Fine Arts | Russian Art
A480 | 26716 | Kennedy


Since its 11th-century beginnings, Russian art has served a variety
of purposes that range from the lofty religious tradition of icon
painting to the “paradise on earth” of the Moscow metro system.
Russian art, like Russian history, has been distinguished by sudden,
radical changes of direction and by a whole-hearted pursuit of
utopian ideas. The class will deal with the evolution of Russian art
from the 12th century to the present, emphasizing the last 100 years
and exploring the political context within which artworks functioned.

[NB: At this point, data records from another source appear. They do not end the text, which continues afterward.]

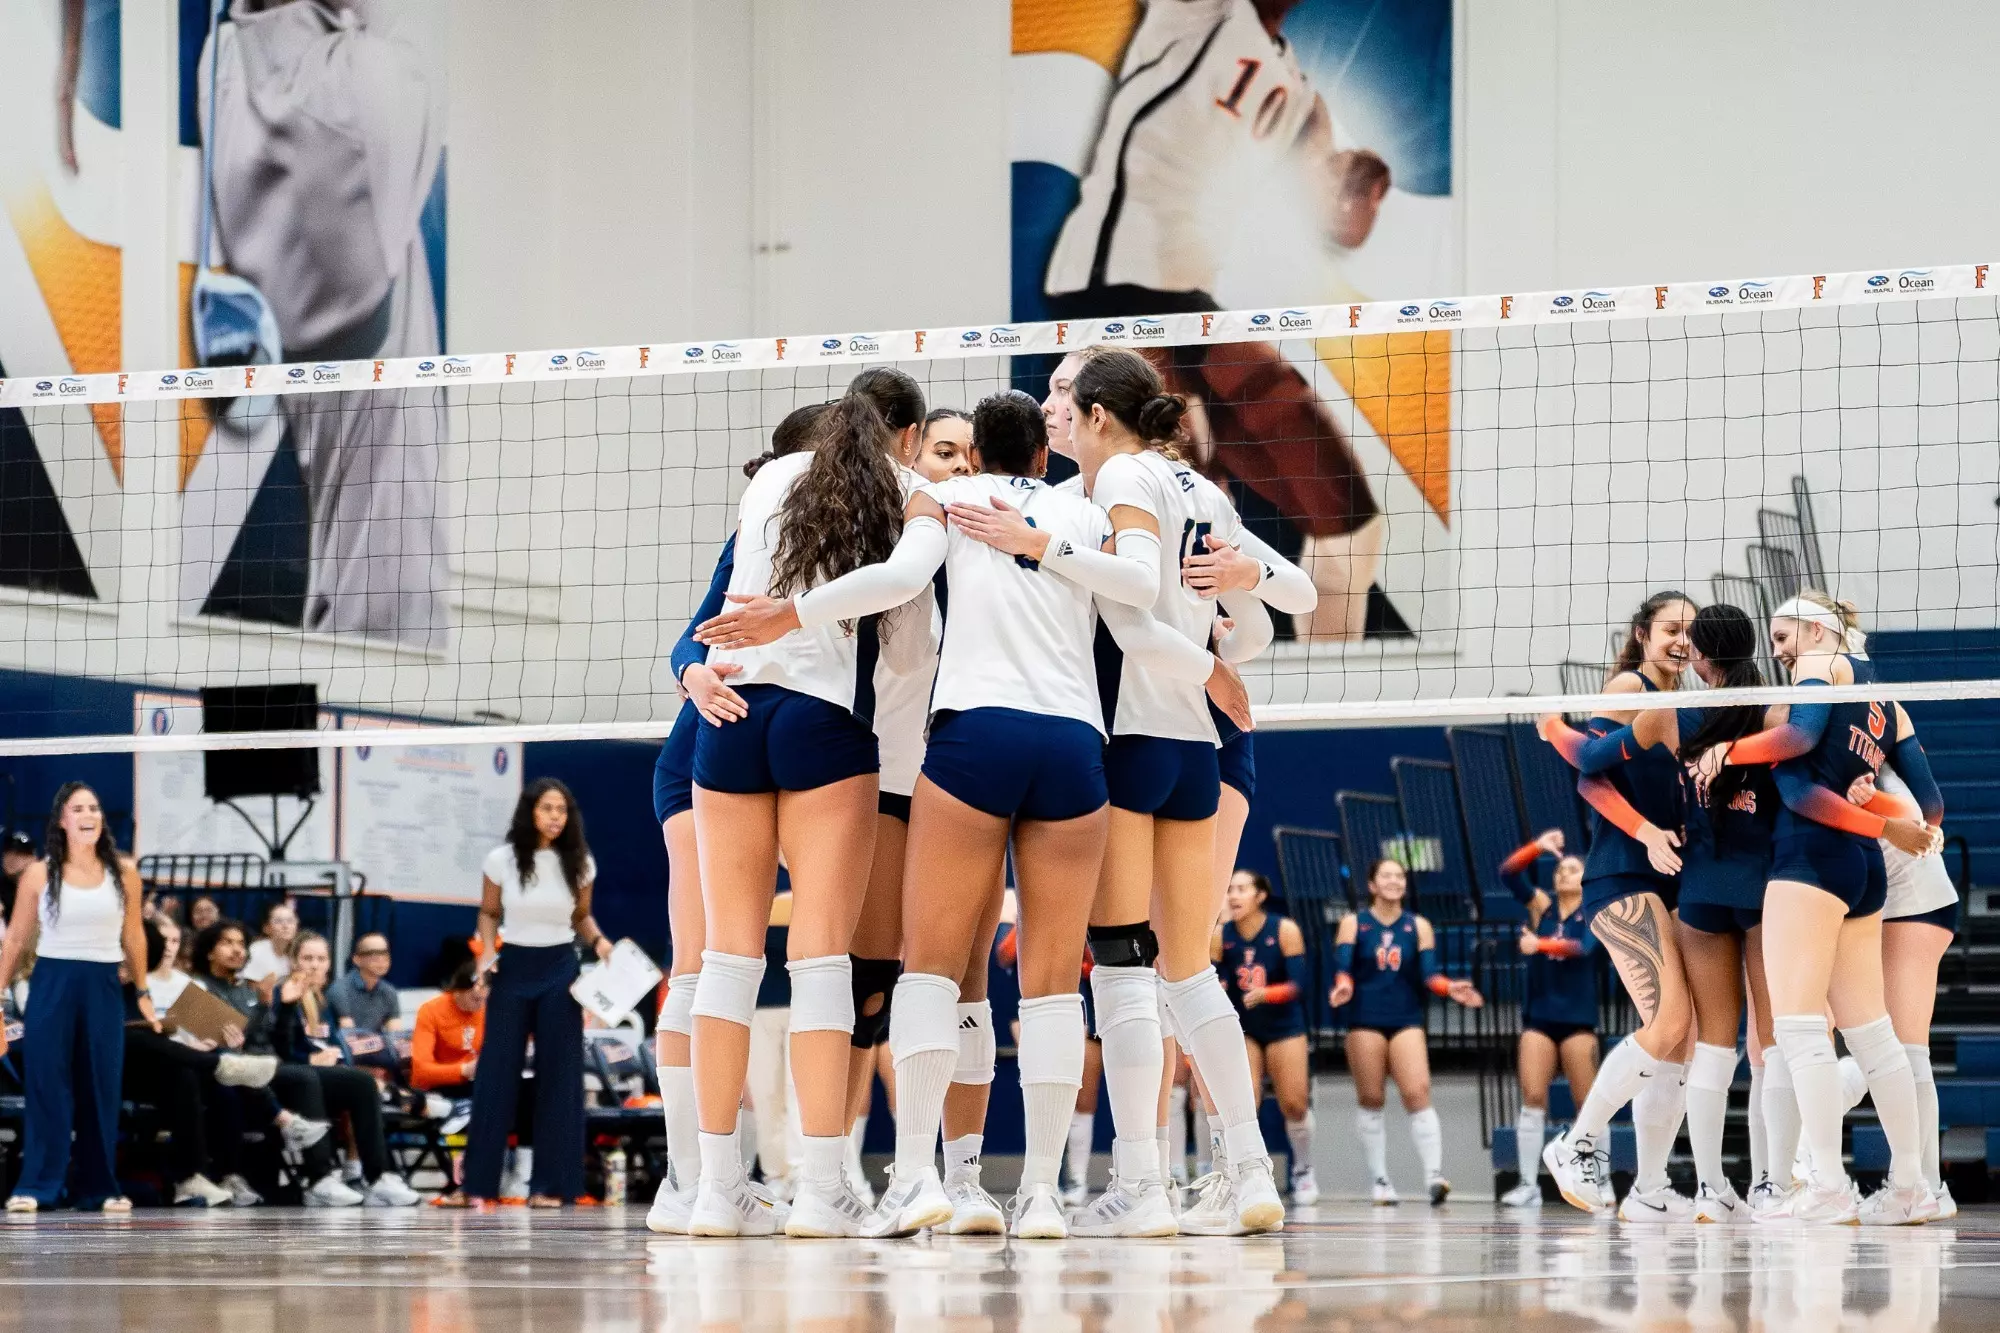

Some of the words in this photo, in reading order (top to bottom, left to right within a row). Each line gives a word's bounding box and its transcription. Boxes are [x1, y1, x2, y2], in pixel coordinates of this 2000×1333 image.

[1215, 57, 1288, 141] 10
[1899, 277, 1933, 289] Ocean
[1975, 265, 1989, 288] F
[1739, 288, 1772, 299] Ocean
[1813, 276, 1826, 299] F
[1501, 296, 1513, 319] F
[1582, 298, 1615, 309] Ocean
[1655, 287, 1668, 309] F
[1279, 316, 1311, 327] Ocean
[1349, 306, 1361, 328] F
[1429, 307, 1461, 318] Ocean
[1057, 323, 1068, 344] F
[1133, 324, 1164, 335] Ocean
[1201, 315, 1213, 336] F
[850, 341, 878, 351] Ocean
[915, 331, 926, 352] F
[990, 333, 1020, 343] Ocean
[639, 347, 650, 368] F
[712, 349, 741, 359] Ocean
[776, 339, 787, 360] F
[373, 361, 385, 382] F
[443, 363, 471, 373] Ocean
[506, 354, 516, 375] F
[577, 356, 605, 367] Ocean
[118, 374, 128, 394] F
[185, 376, 213, 386] Ocean
[245, 368, 255, 388] F
[313, 369, 340, 380] Ocean
[59, 383, 86, 393] Ocean

Topics to be considered: the development of distinctively Russian
forms of religious art, folk art, the adaptation of western ideas by
the Russian aristocracy, the rise of Russian romanticism, and—by mid-
semester—the emergence of nationalism and “critical realism” during
the second half of the 19th century. The remainder of the semester
will be devoted to the Russian avant-garde of the period 1908-1932
and, in the final week and a half, we will look at socialist realism
and at contemporary Russian art.

Requirements: 3 exams (2 in-class during the semester, final exam in
take-home format), readings will be posted via e-reserve. The course
is open to students with some background either in art history or in
Russian history and culture (junior, senior, or graduate student
status strongly recommended.) Those wishing to add one credit hour
so that the course is consistent with requirements for art history
majors may sign up for one credit hour of A495, which will be earned
by writing a term-paper approximately 10 pages in length. For other
possibilities, please speak with Amanda Peterson or Janet Kennedy.